**THE PROBLEM:** Copy out the full listing below as it stands, with its pictures left behind.
══ INPUT FOR THIS TASK ══
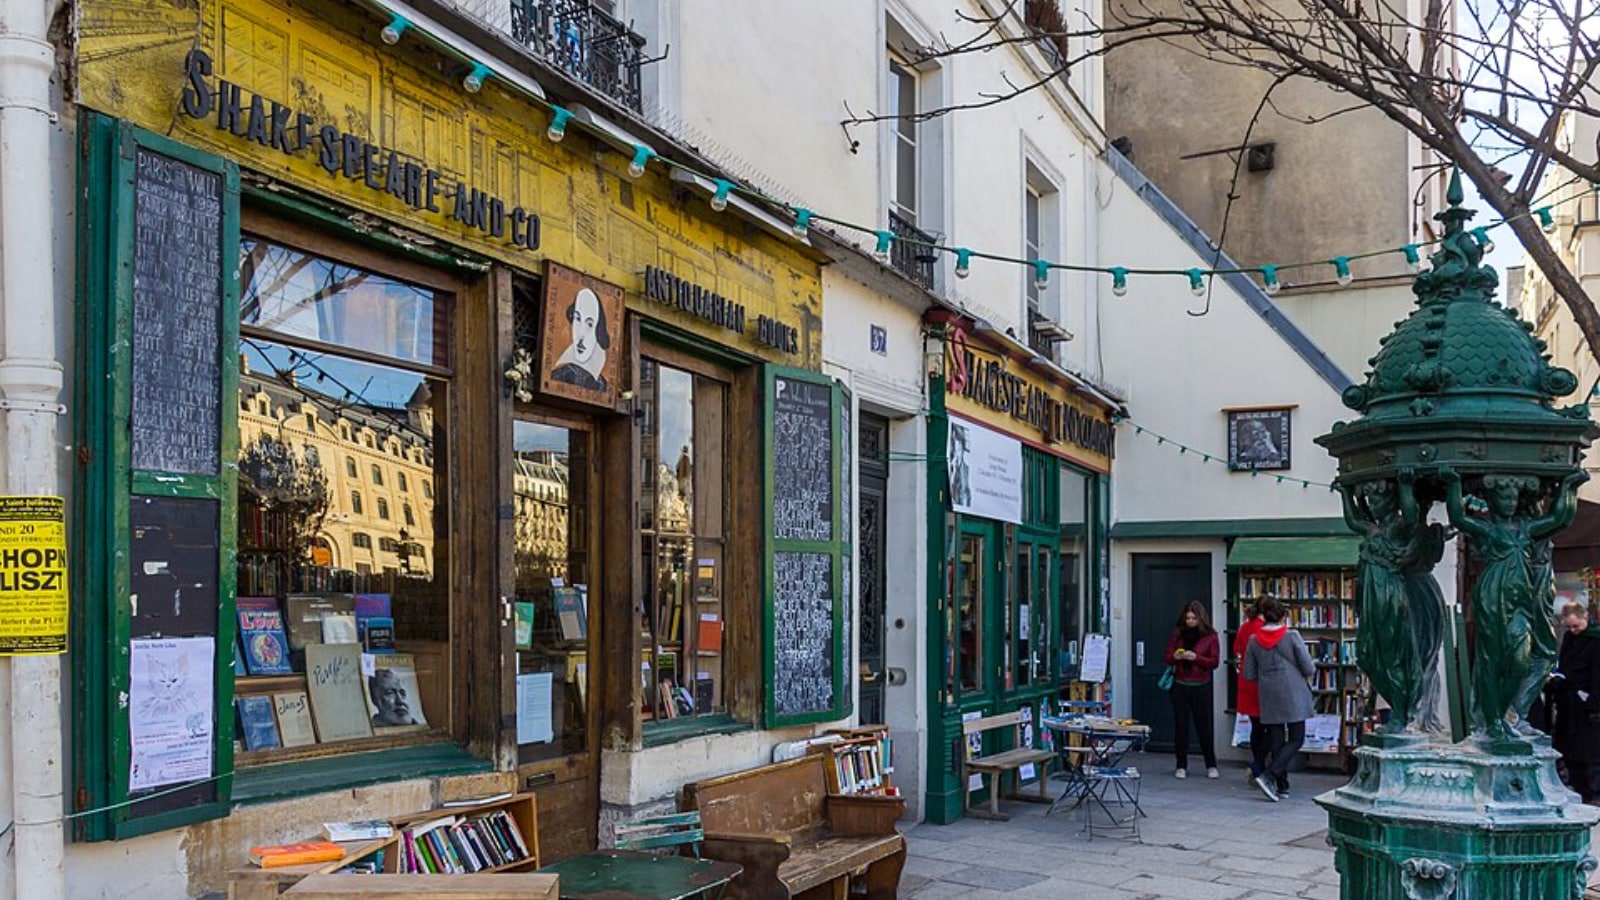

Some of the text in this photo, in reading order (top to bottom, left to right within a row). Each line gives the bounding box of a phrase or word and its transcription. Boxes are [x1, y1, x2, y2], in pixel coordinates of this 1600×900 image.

[183, 50, 540, 251] SHAKESPEARE AND CO
[138, 152, 219, 200] PARIS WALL
[645, 264, 746, 334] ANTIQUARIAN
[757, 313, 798, 356] BOOKS
[20, 524, 34, 534] 20
[0, 571, 63, 591] LISZT
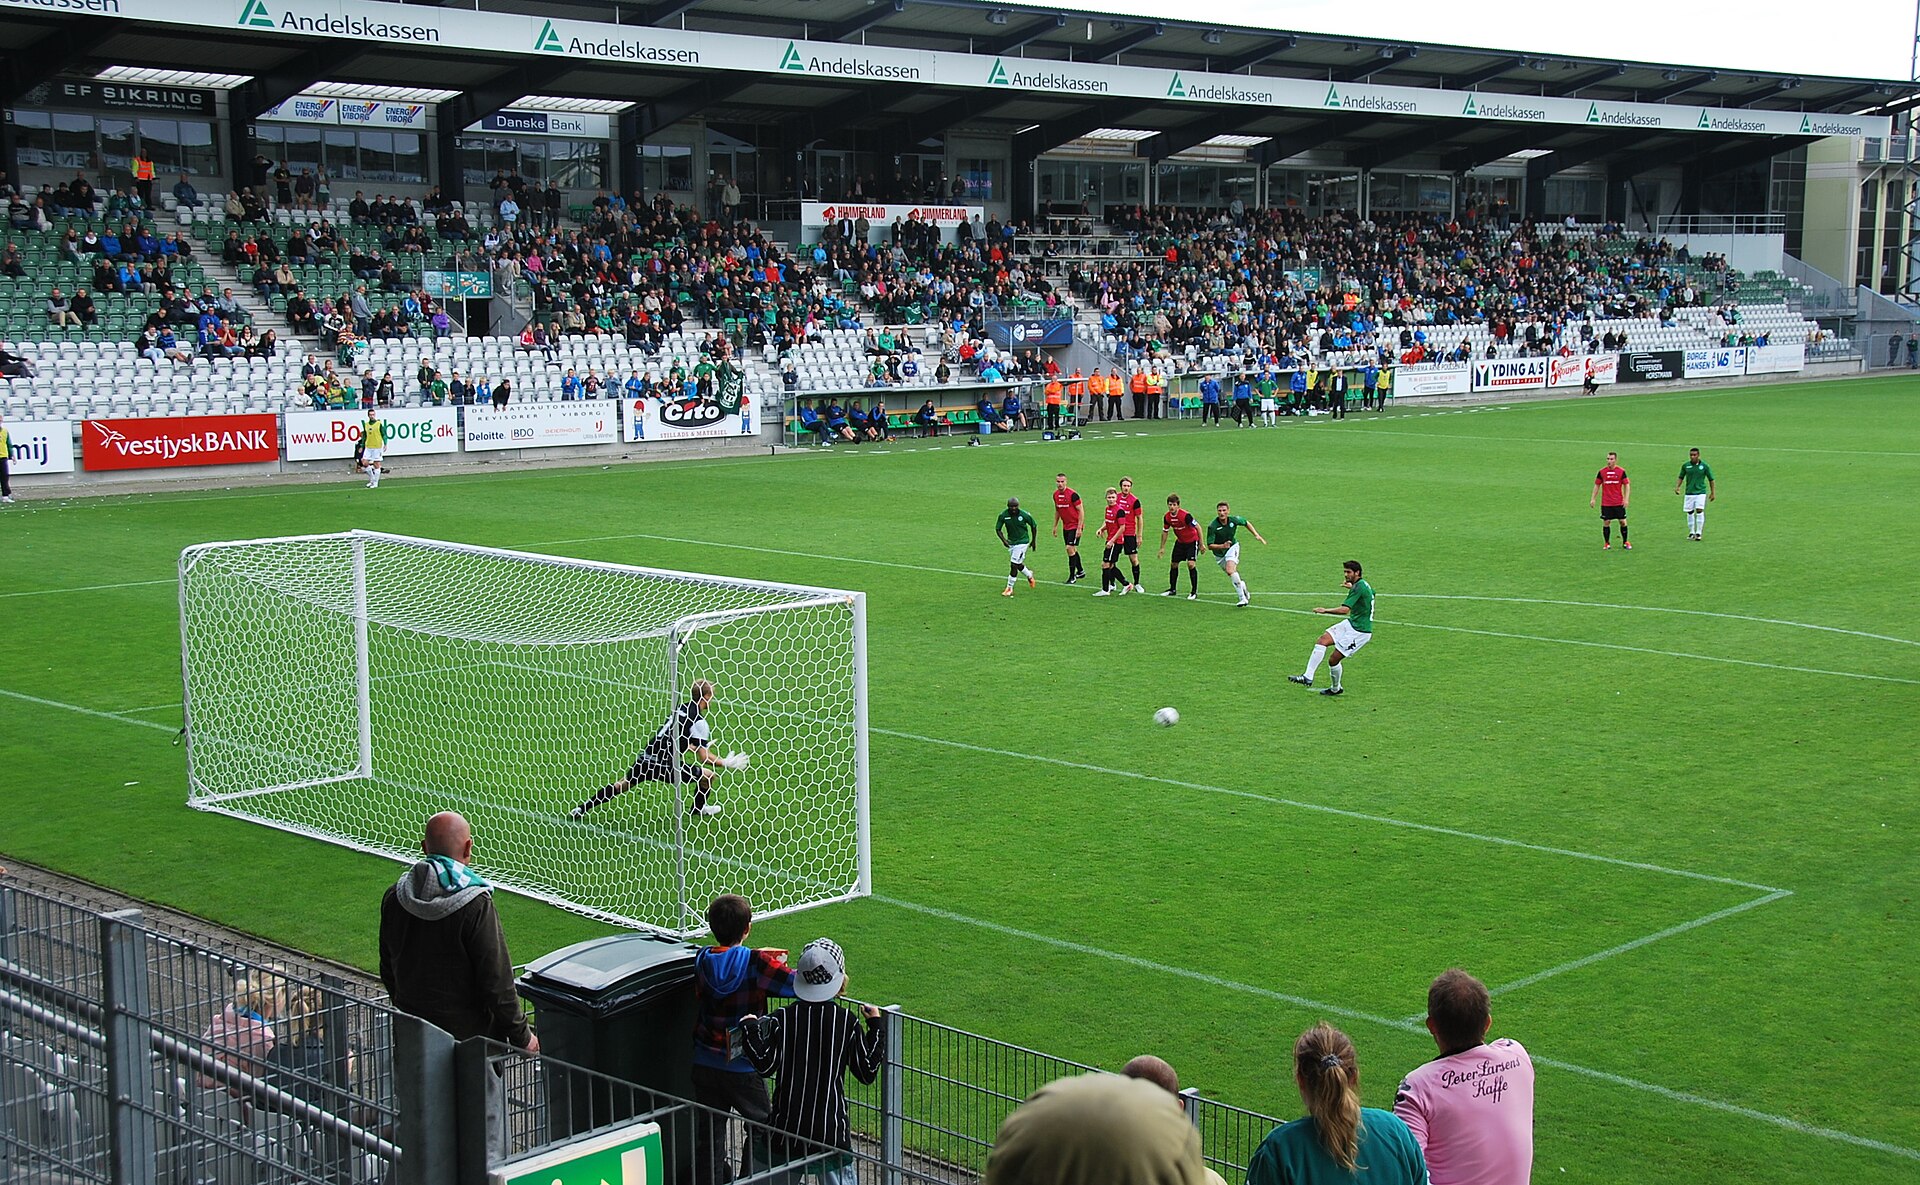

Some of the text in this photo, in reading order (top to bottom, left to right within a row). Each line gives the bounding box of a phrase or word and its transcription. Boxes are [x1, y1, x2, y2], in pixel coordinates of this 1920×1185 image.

[281, 11, 439, 42] Andelskassen
[569, 37, 699, 63] Andelskassen
[809, 57, 919, 79] Andelskassen
[1012, 72, 1107, 92] Andelskassen
[64, 84, 202, 104] EF SIKRING
[1189, 85, 1271, 103] Andelskassen
[1342, 95, 1416, 111] Andelskassen
[295, 109, 324, 118] VIBORG
[342, 112, 370, 121] VIBORG
[385, 115, 413, 124] VIBORG
[1479, 104, 1544, 120] Andelskassen
[1601, 111, 1660, 126] Andelskassen
[497, 115, 582, 131] Danske Bank
[1711, 118, 1765, 131] Andelskassen
[1812, 122, 1861, 135] Andelskassen
[838, 206, 886, 219] HIMMERLAND
[921, 208, 967, 220] HIMMERLAND
[1492, 362, 1544, 378] YDING A/S
[1686, 361, 1711, 371] HANSEN
[496, 402, 611, 412] SATSAUTORISEREDE
[664, 401, 720, 421] Cito
[478, 413, 538, 421] REVISORER
[291, 419, 454, 444] www.Boborg.dk
[513, 428, 534, 437] BDO
[660, 431, 689, 439] STILLADS
[696, 429, 727, 437] MATERIEL
[1441, 1056, 1520, 1089] Peter Larsens
[1472, 1075, 1508, 1103] Kaffe
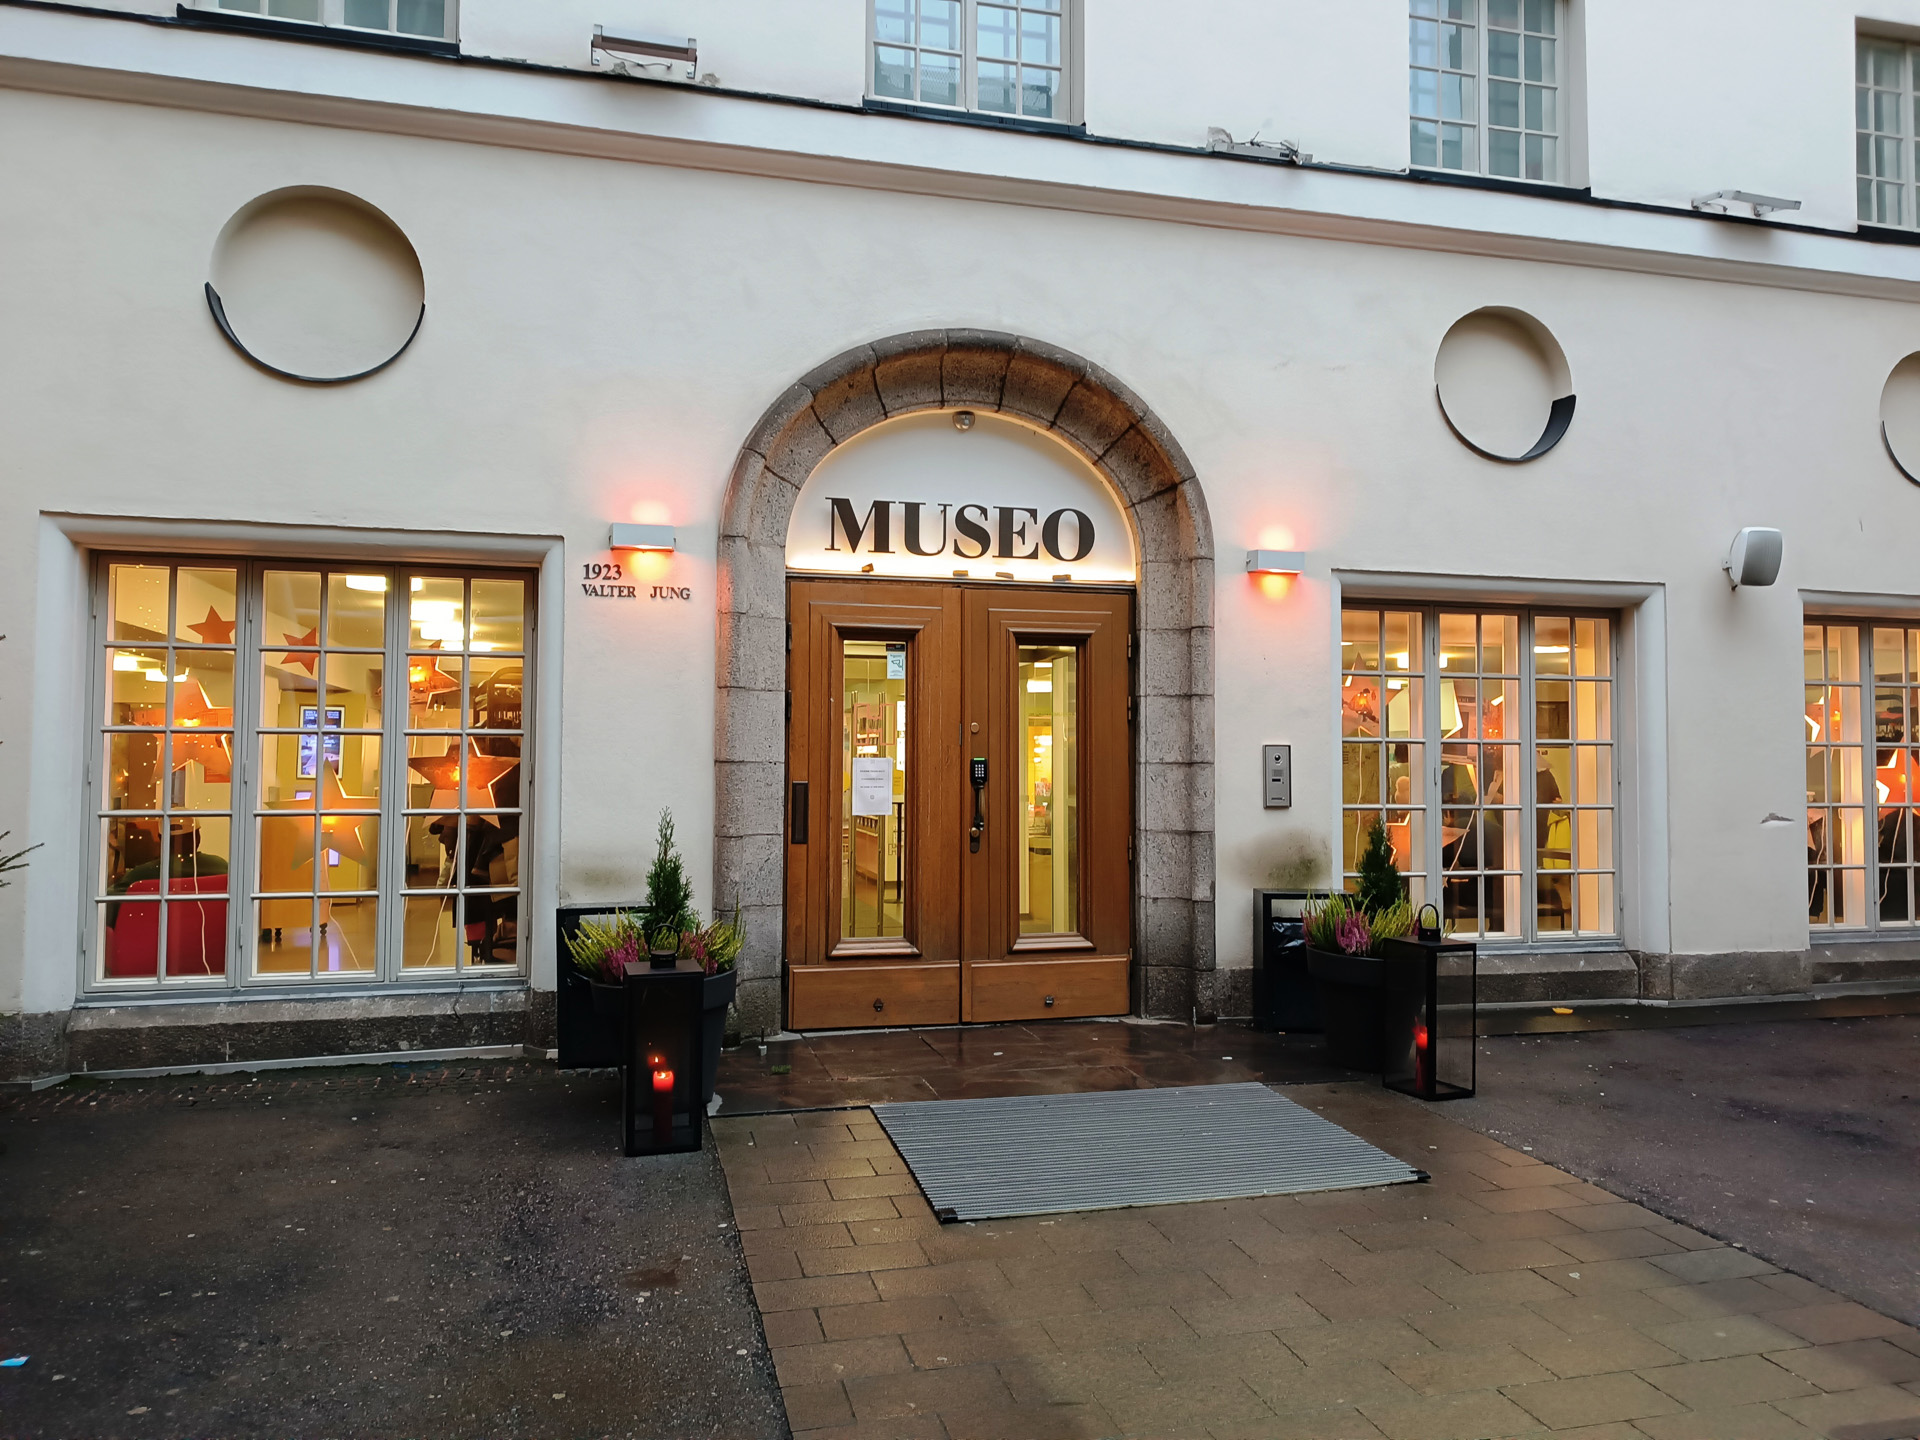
═══
**REPLY:**
Some of the text in this photo, in reading order (top to bottom, left to right within a row). Each line gives the bounding box of a phrase or word and its transcription. Boxes are [x1, y1, x2, y2], in pixel coordinates of this 1600×900 image.

[183, 50, 540, 251] SHAKESPEARE AND CO
[138, 152, 219, 200] PARIS WALL
[645, 264, 746, 334] ANTIQUARIAN
[757, 313, 798, 356] BOOKS
[20, 524, 34, 534] 20
[0, 571, 63, 591] LISZT

Some of the text in this photo, in reading order (top to bottom, left to right within a row). Each line gives the bounding box of a phrase or word and its transcription. Boxes are [x1, y1, x2, y2], in pixel coordinates of this 1920×1185 image.

[281, 11, 439, 42] Andelskassen
[569, 37, 699, 63] Andelskassen
[809, 57, 919, 79] Andelskassen
[1012, 72, 1107, 92] Andelskassen
[64, 84, 202, 104] EF SIKRING
[1189, 85, 1271, 103] Andelskassen
[1342, 95, 1416, 111] Andelskassen
[295, 109, 324, 118] VIBORG
[342, 112, 370, 121] VIBORG
[385, 115, 413, 124] VIBORG
[1479, 104, 1544, 120] Andelskassen
[1601, 111, 1660, 126] Andelskassen
[497, 115, 582, 131] Danske Bank
[1711, 118, 1765, 131] Andelskassen
[1812, 122, 1861, 135] Andelskassen
[838, 206, 886, 219] HIMMERLAND
[921, 208, 967, 220] HIMMERLAND
[1492, 362, 1544, 378] YDING A/S
[1686, 361, 1711, 371] HANSEN
[496, 402, 611, 412] SATSAUTORISEREDE
[664, 401, 720, 421] Cito
[478, 413, 538, 421] REVISORER
[291, 419, 454, 444] www.Boborg.dk
[513, 428, 534, 437] BDO
[660, 431, 689, 439] STILLADS
[696, 429, 727, 437] MATERIEL
[1441, 1056, 1520, 1089] Peter Larsens
[1472, 1075, 1508, 1103] Kaffe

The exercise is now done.